[Data excerpts]
┄┄┄┄┄┄┄┄┄┄┄┄┄┄┄┄┄┄┄┄

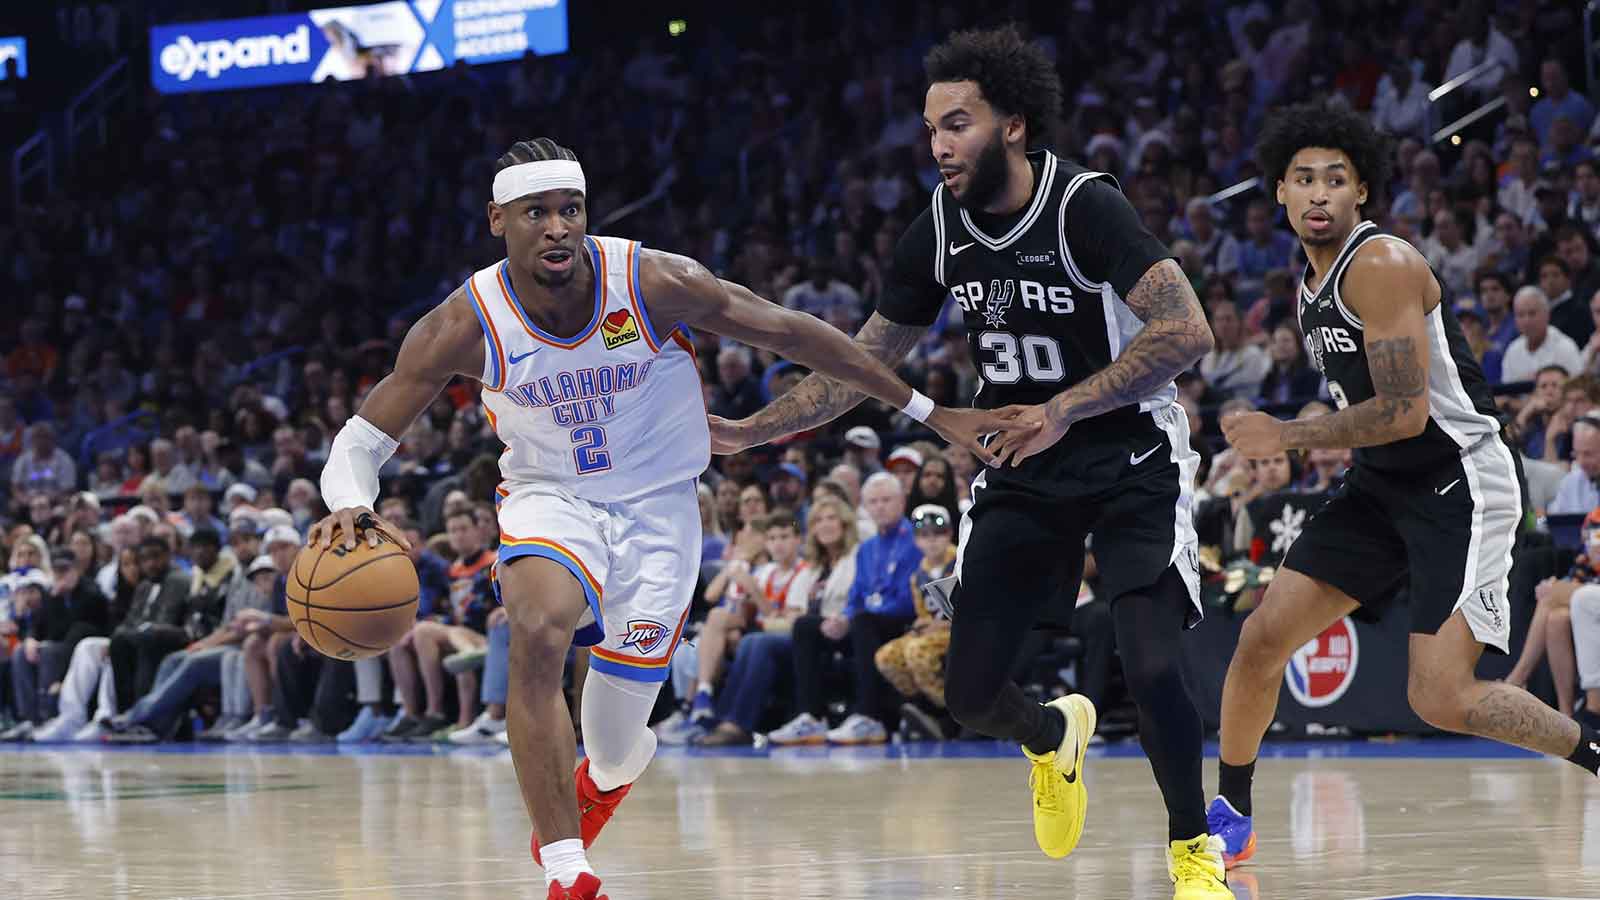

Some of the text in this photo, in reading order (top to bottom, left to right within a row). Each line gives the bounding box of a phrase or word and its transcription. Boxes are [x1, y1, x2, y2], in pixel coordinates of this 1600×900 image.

[160, 24, 310, 81] expand
[1020, 255, 1050, 263] LEDGER
[978, 330, 1066, 384] 30
[504, 359, 654, 408] OKLAHOMA
[553, 396, 616, 424] CITY
[570, 424, 613, 475] 2
[623, 628, 660, 645] OKC

┄┄┄┄┄┄┄┄┄┄┄┄┄┄┄┄┄┄┄┄

What this task involves:
Set down all records verbatim, omitting images.

Solution below:
Some of the text in this photo, in reading order (top to bottom, left to right within a row). Each line gives the bounding box of a phrase or word and its transcription. Boxes are [x1, y1, x2, y2], in pixel coordinates of this 1600×900 image.

[160, 24, 310, 81] expand
[1020, 255, 1050, 263] LEDGER
[978, 330, 1066, 384] 30
[504, 359, 654, 408] OKLAHOMA
[553, 396, 616, 424] CITY
[570, 424, 613, 475] 2
[623, 628, 660, 645] OKC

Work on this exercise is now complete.